Помнил Константин и то, как, въезжая в Спасские ворота, отец, а следом за ним и он сняли фуражки. Человек на козлах сделал то же самое. В тот раз они с отцом побывали в Антропологическом музее на выставке, в Малом театре слушали даваемую консерваторией оперу «Евгений Онегин» Чайковского, посетили галереи обоих Третьяковых. Но как только отец удалился по своим делам и Константину дали в спутники Т. В. Мерлина, состоящего при дворе князя Долгорукова, он отправился смотреть старинные московские соборы и храмы – именно они были предметом его истинного интереса. Уже во второй день пребывания в Москве он посетил Успенский, Архангельский и Благовещенский соборы, везде молился, прикладывался к мощам, знакомился со святынями и достопримечательностями. А потом были Спас на Бору, Василий Блаженный. Долго стоял и молился у иконы Богородицы в женском Страстном монастыре и зашел к игуменье, попросил у нее разрешения послать в подарок монастырю лампаду к иконе. На что та дала свое милостивое согласие… Перед отъездом, воспользовавшись хорошей погодой, Пап? пригласил его прогуляться по всем кремлевским стенам. И он поразился восхитительным видом с высоты на древнюю русскую столицу. Уезжая, он дал себе слово бывать в Москве, как только представится случай. Случаи, однако, выпадали не так часто, как того хотелось.

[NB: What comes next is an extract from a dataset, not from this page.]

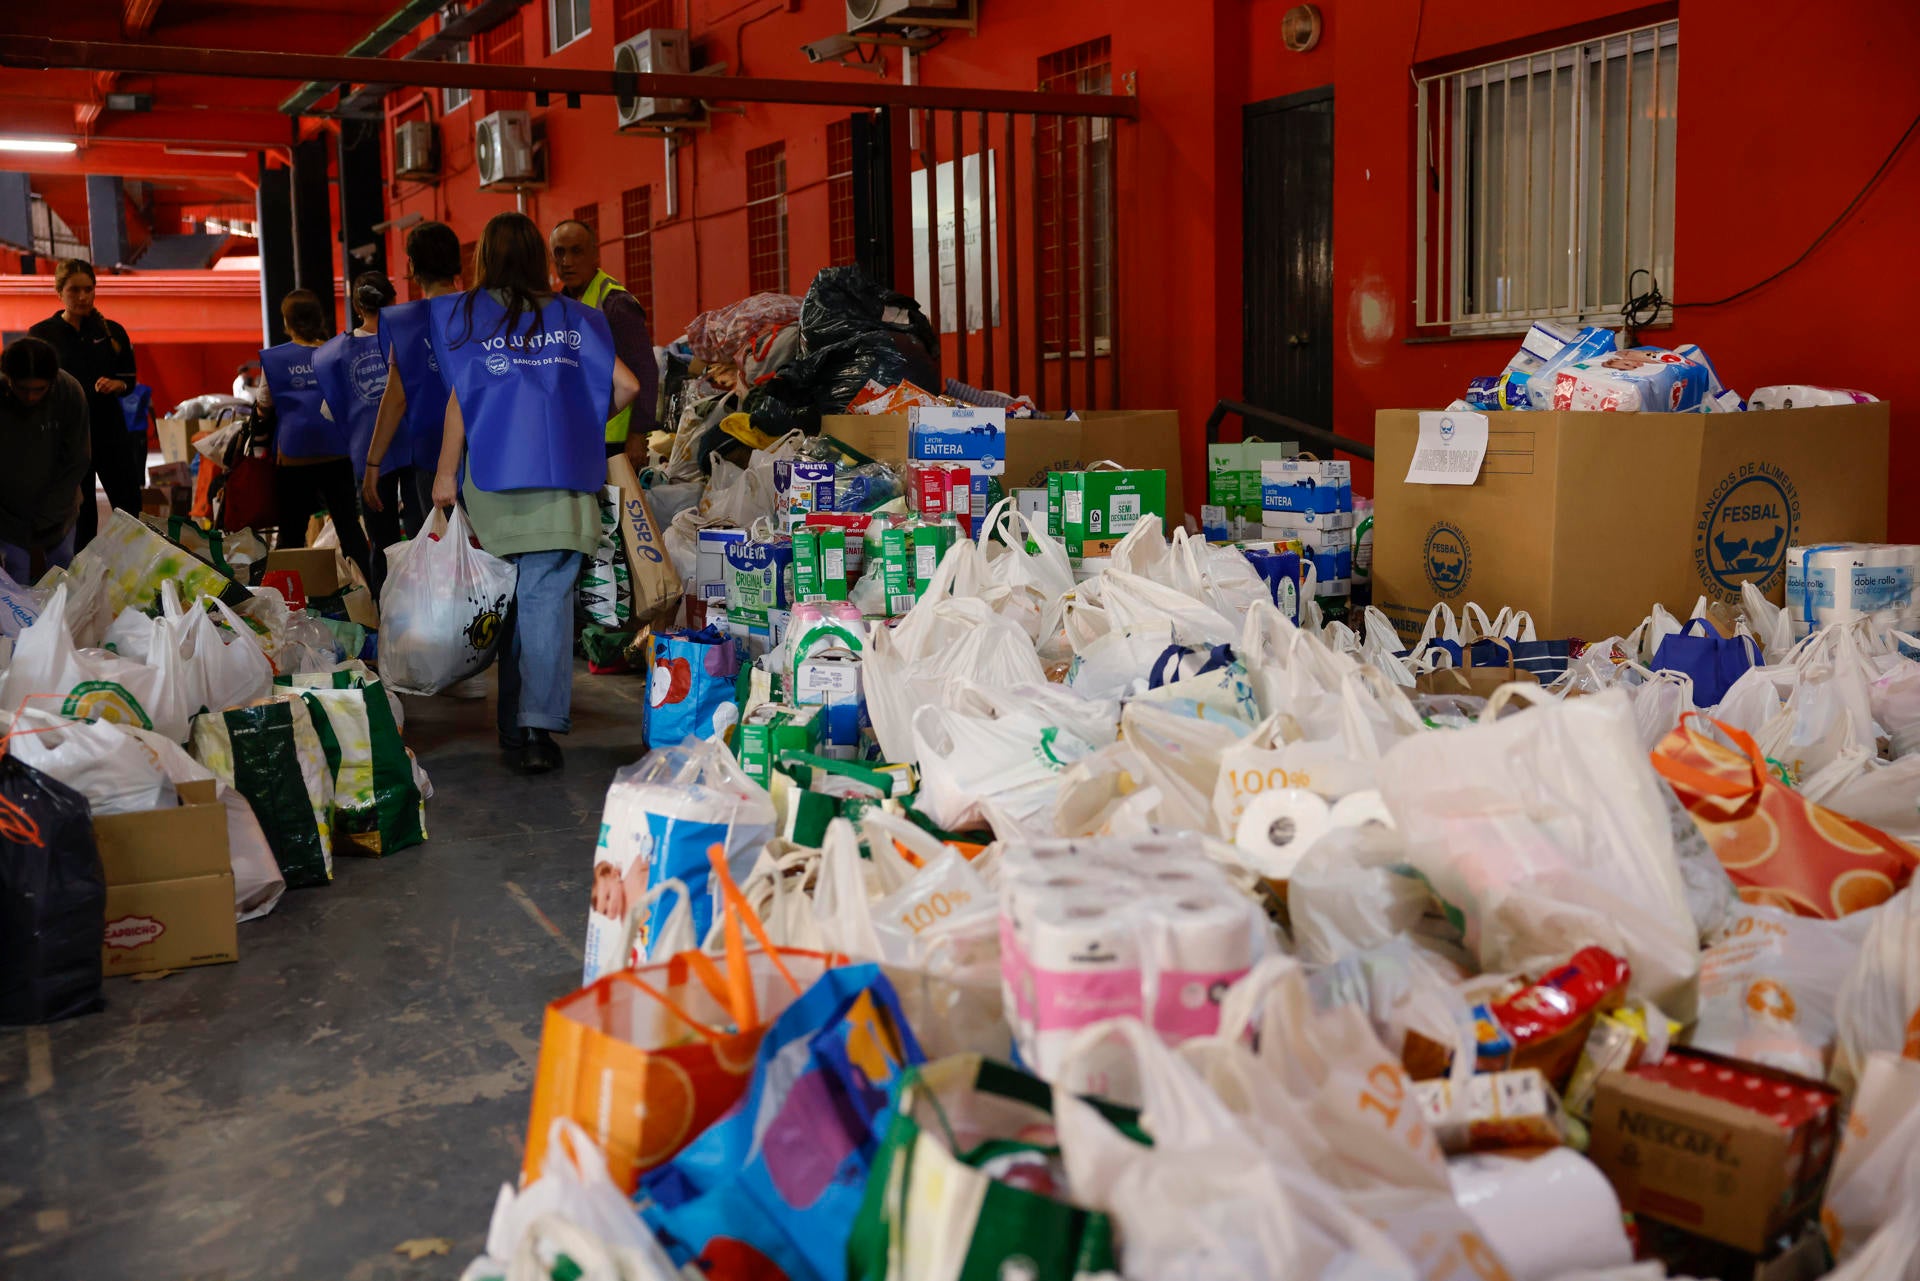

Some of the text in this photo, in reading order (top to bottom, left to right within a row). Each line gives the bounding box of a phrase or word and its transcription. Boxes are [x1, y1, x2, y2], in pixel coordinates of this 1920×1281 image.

Великий князь вспомнил радостное чувство, с которым получил сообщения о присвоении ему званий почетного члена Императорского Московского общества испытателей природы, Общества любителей российской словесности при Московском университете. Москва стала ему еще ближе с тех пор, как Сергей получил назначение на пост московского генерал-губернатора. Константина всё в Москве привлекало и радовало: «… и замысловатые названия улиц, и вид старинных стен, и ворота с горящими перед иконами лампадами, и множество прелестных по своей необыкновенности церквей – всё приводило в восхищение».